The Unknown Confederate Dead Monument in Perryville is located in the vicinity of Perryville, Kentucky, in Boyle County, Kentucky, United States, in the Goodknight Cemetery, a small family cemetery on private land. It is presumed to have been constructed around the year 1928, sixty-six years after the Battle of Perryville, the bloodiest battle in Kentucky history, on October 8, 1862, in which the Confederate soldiers buried here anonymously died. In total, 532 Confederates died at the battle, but it is unknown how many of this number are buried here.

The monument is approximately 7 ft tall, and is made up of a marble and granite composite. It has an 18 in tall marble scalloped decorative cap; a granite body 6 in thick with an inscription, stating that it honors the unknown number of Confederate soldiers buried here anonymously; and a marble base of 4 by 2 ft. Despite being on private property, it was the federal government that erected the monument.

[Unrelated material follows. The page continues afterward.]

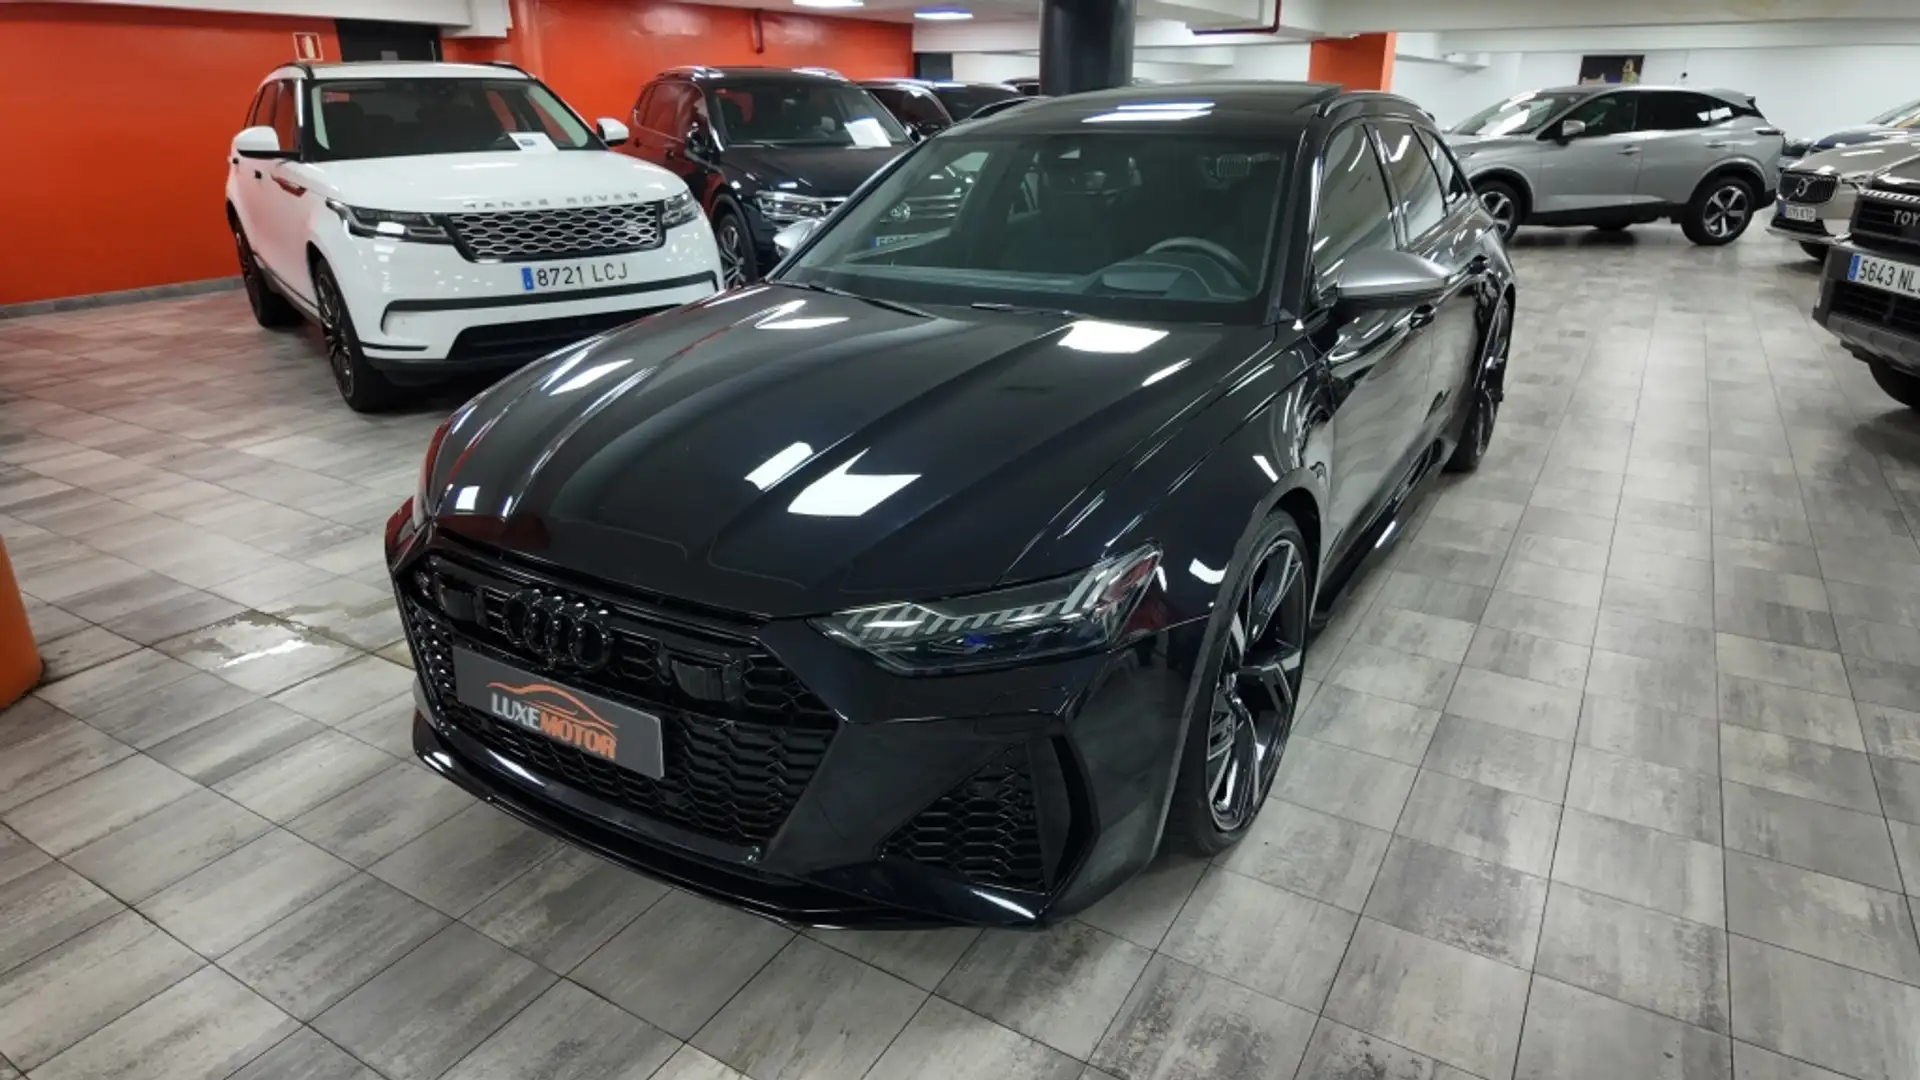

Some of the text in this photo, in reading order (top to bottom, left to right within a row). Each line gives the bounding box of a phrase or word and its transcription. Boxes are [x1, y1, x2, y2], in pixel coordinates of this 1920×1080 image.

[536, 262, 628, 288] 8721 LCJ
[1859, 259, 1920, 294] 5643 NL
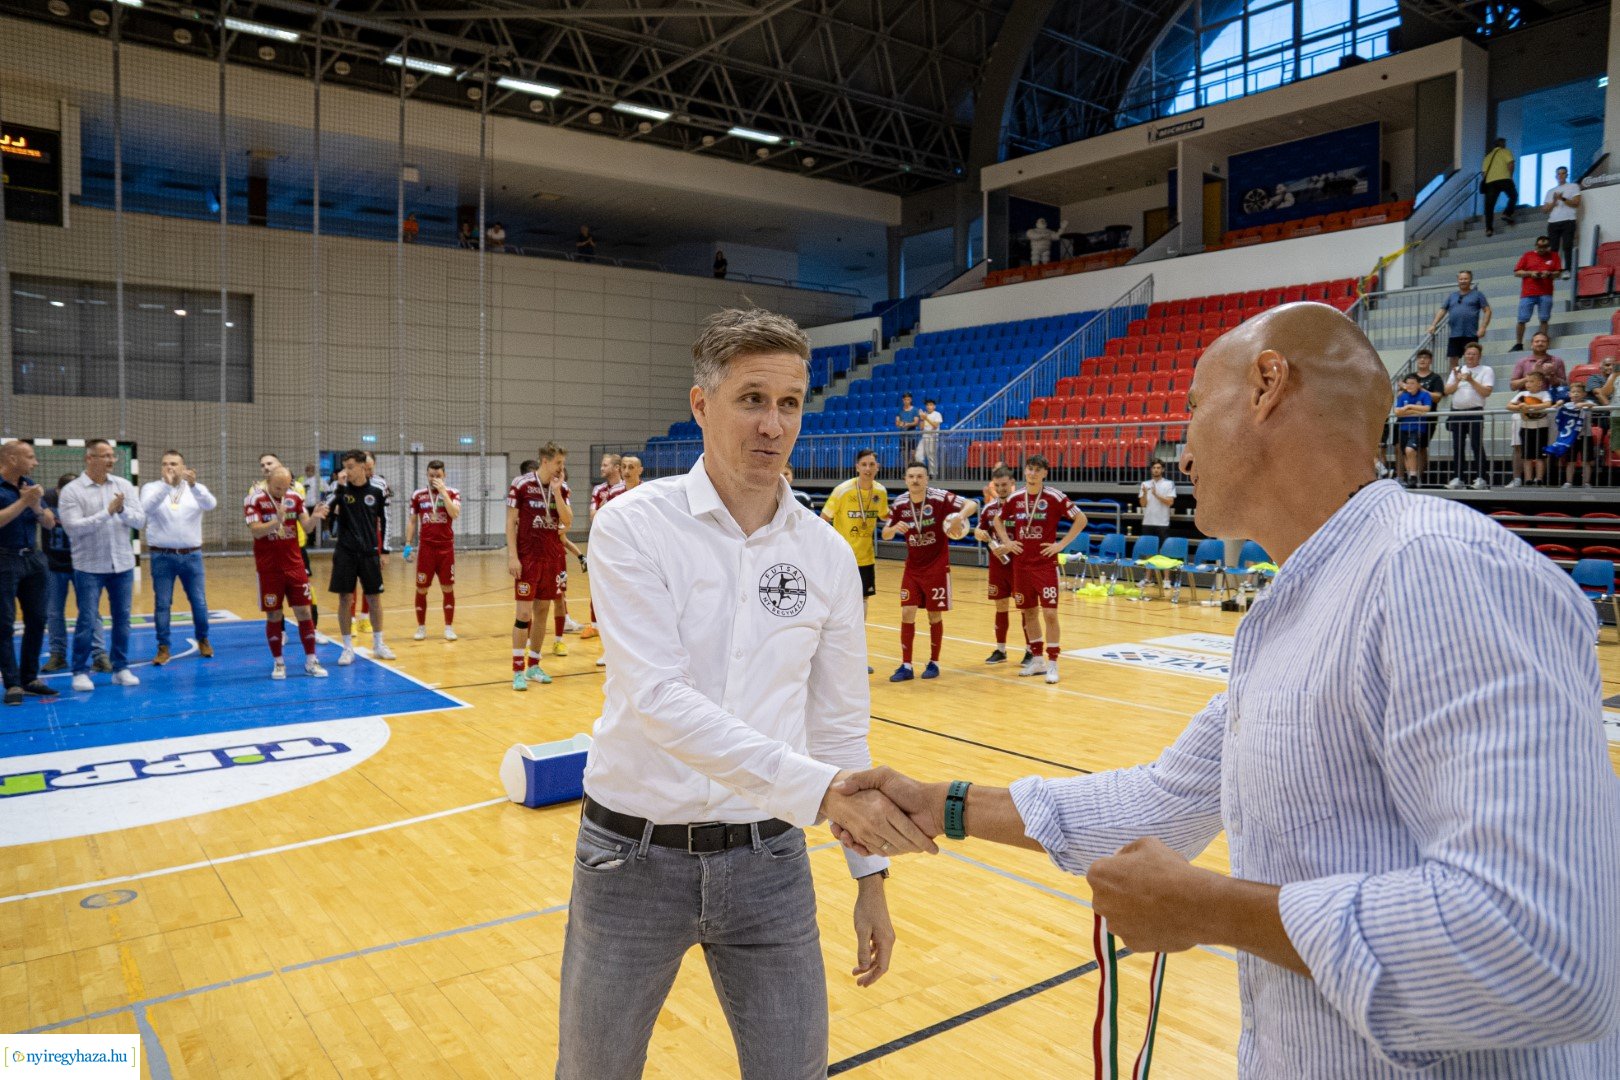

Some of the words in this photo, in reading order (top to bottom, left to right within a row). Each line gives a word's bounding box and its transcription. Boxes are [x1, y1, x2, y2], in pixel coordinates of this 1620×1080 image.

On July 17, 1997, the Unknown Confederate Dead Monument in Perryville was one of sixty different monuments related to the Civil War in Kentucky placed on the National Register of Historic Places, as part of the Civil War Monuments of Kentucky Multiple Property Submission. Three other monuments on this Multiple Property Submission are or were also in Boyle County. Two of them are in the nearby Perryville Battlefield State Historic Site by the visitor center: the Confederate Monument in Perryville and the Union Monument in Perryville. The other was formerly in downtown Danville, Kentucky, but is now in Brandenburg, Kentucky: the Confederate Monument in Danville. Many of the other memorials are in graveyards that have numerous unknown soldiers, but the Goodknight Cemetery is the only graveyard which has no soldiers with known names.